HeyJude who runs  a great website The Earth Laughs in Flowers  has invited us to go out into our gardens in the month of April and take some close-ups.

I thought I’d have a go even though flower photography isn’t my strong point. So I dutifully took a daffodil, and then luckily I saw a peacock butterfly and some bees.

daffodil macro

The Inner Workings of a Daffodil ©HelenBushe

peacock butterfly

Peacock Butterfly  ©HelenBushe

I’d learn to learn a bit about bees this year now that I am beginning to fully realise how essential they are for our food supply. I bought a chart showing all the common ones, but to my untrained eye a lot of them look pretty similar. Hence the macro photography of bees as I am hoping that sitting with a photograph on the screen and with the chart beside it, it might be a bit easier slightly possible.  I’ve given up with trying to identify moths as there are over 4,000 kinds in UK (mainly brownish and nocturnal too).  Now butterflies, on the other hand come only in 57 (yes, exactly 57) varieties in UK. I am a keen photographer of butterflies as some are also quite big and they sit still.

bee macro

A Bee on a Leaf  ©HelenBushe


mithriluna · 28 April 2016 at 02:39

Fantastic macro images.

    HMB · 28 April 2016 at 06:47

    Thank you

Leah · 26 April 2016 at 14:38

Beautiful pictures Helen. The butterfly is absolutely gorgeous!

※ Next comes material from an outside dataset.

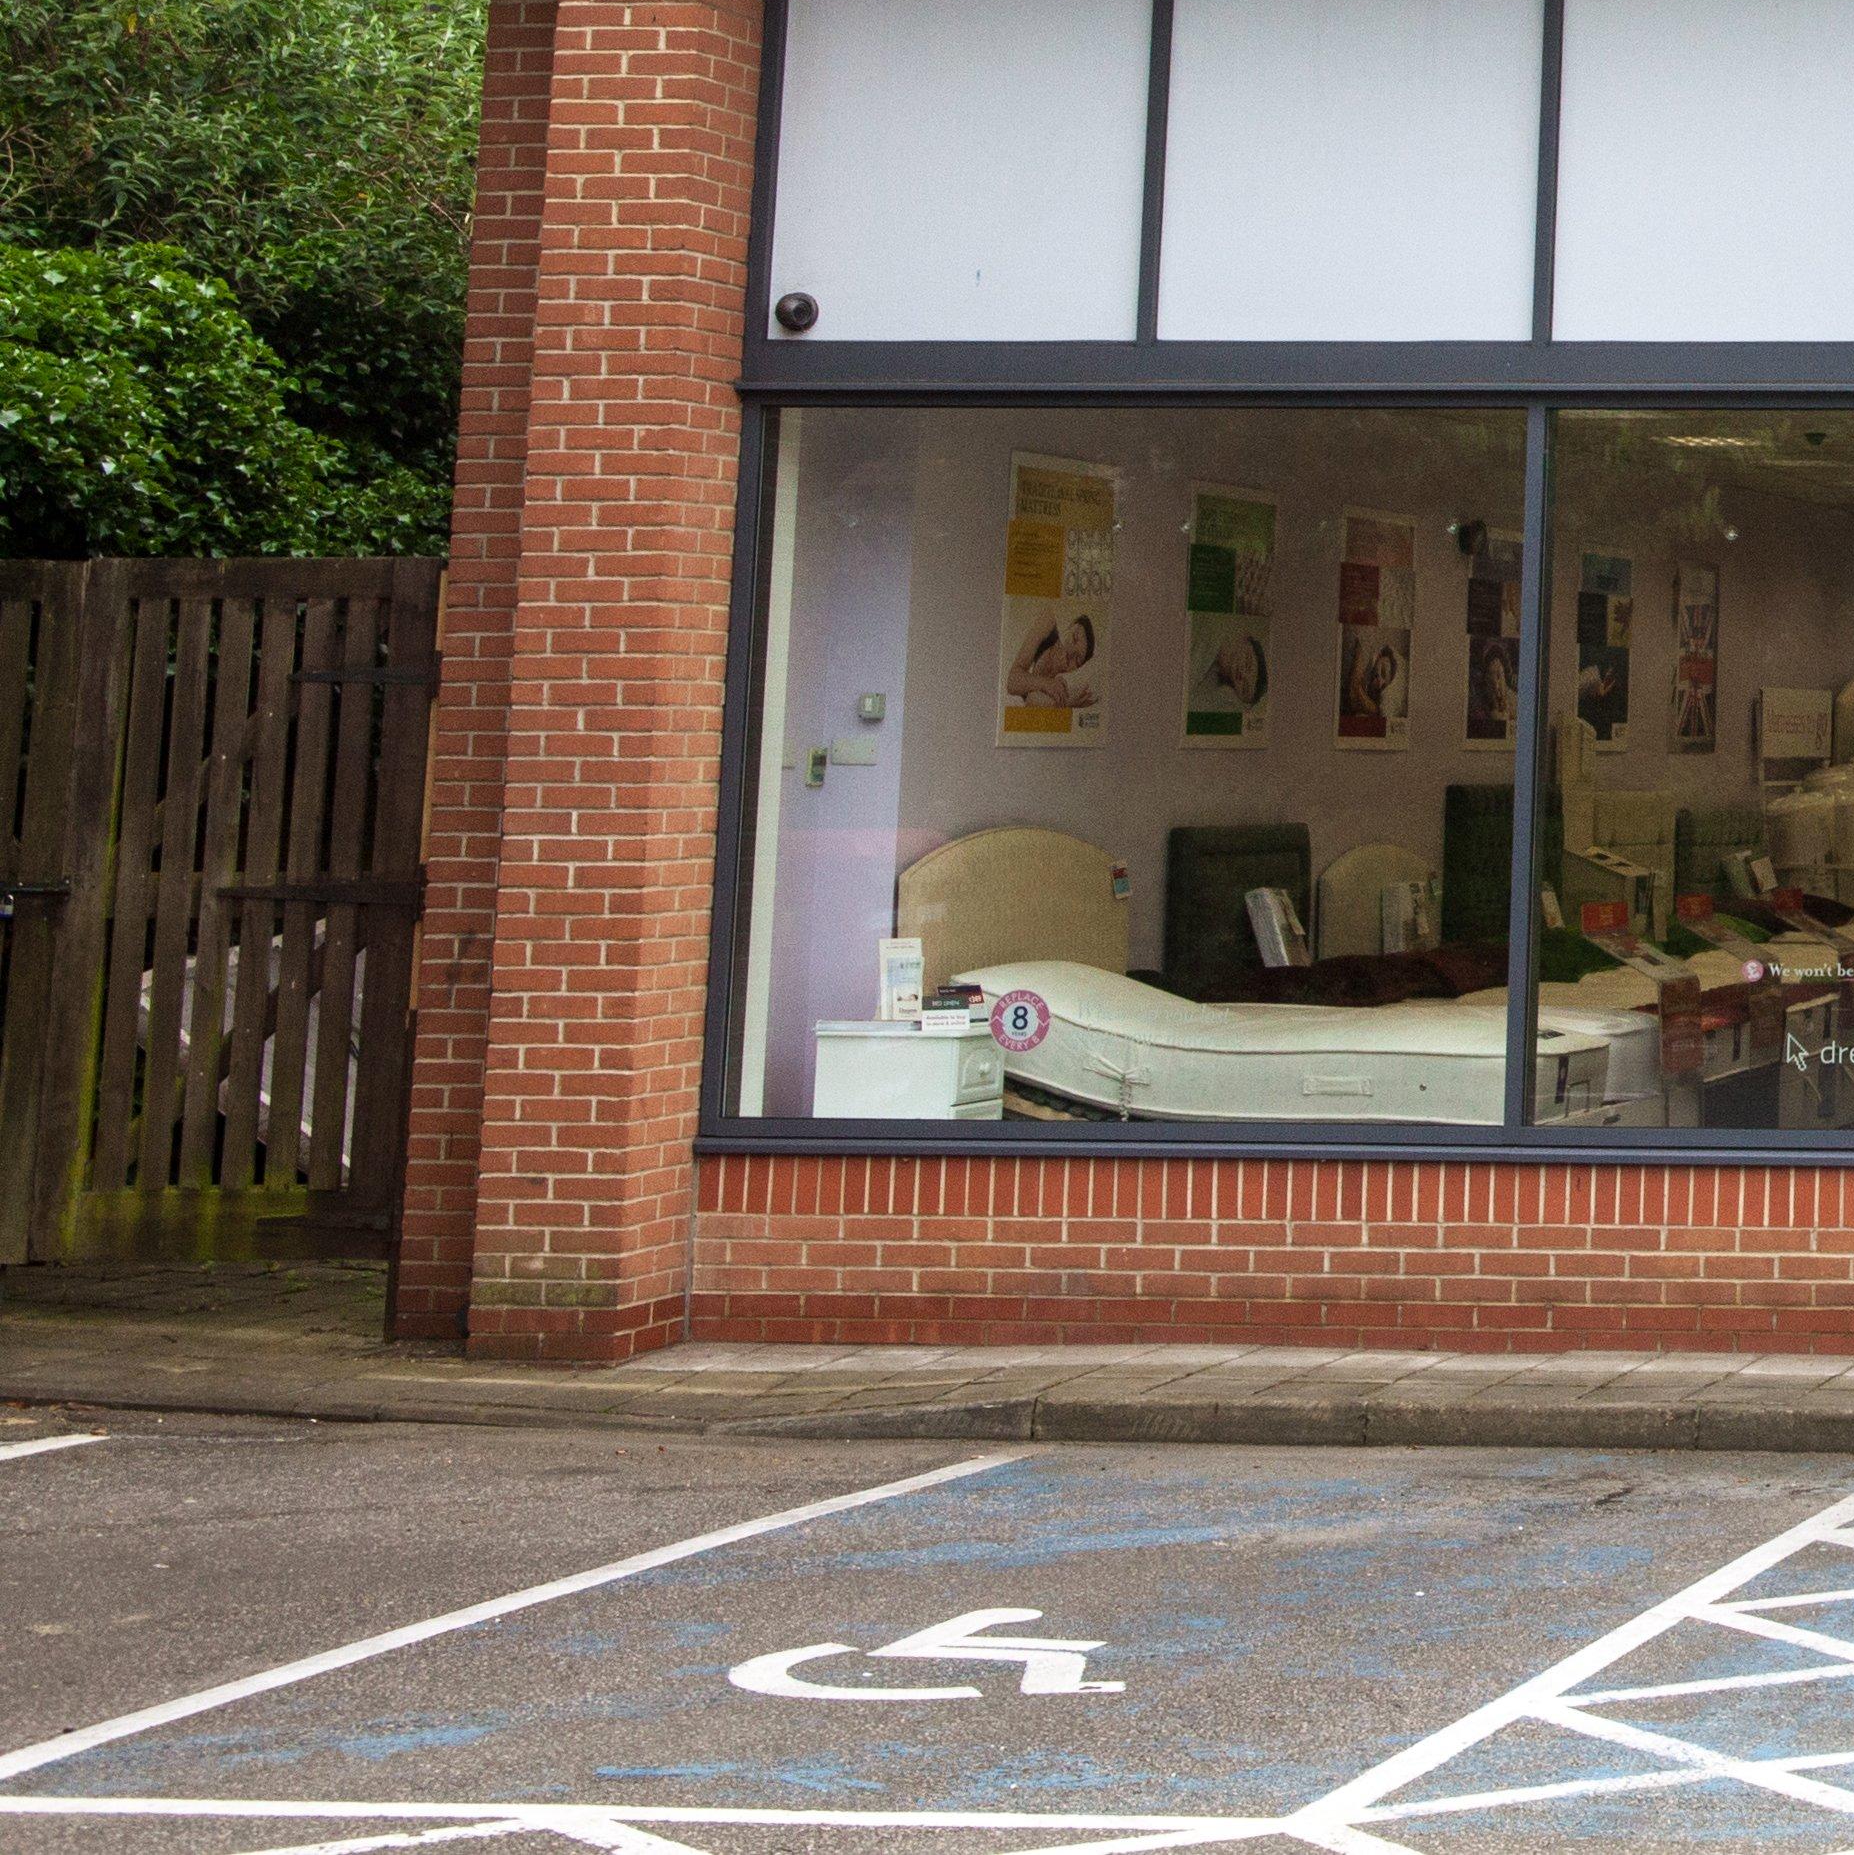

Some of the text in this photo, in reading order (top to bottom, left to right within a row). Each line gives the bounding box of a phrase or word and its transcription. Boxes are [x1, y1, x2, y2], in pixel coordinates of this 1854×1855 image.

Just the mention of moths had me cringing (weird phobia); I was so relieved you didn’t have any close ups.

Just yesterday, I was digging around in the leaves on top of my garden beds and I disturbed a bee of some sort. I replace the leaves to let him return to his slumber (it’s still too cold overnight for my bees and lady bugs to be out in the open). I realized that I have no idea what kind of bee it was, and was thinking of educating myself. You’ve given me a further push to do that.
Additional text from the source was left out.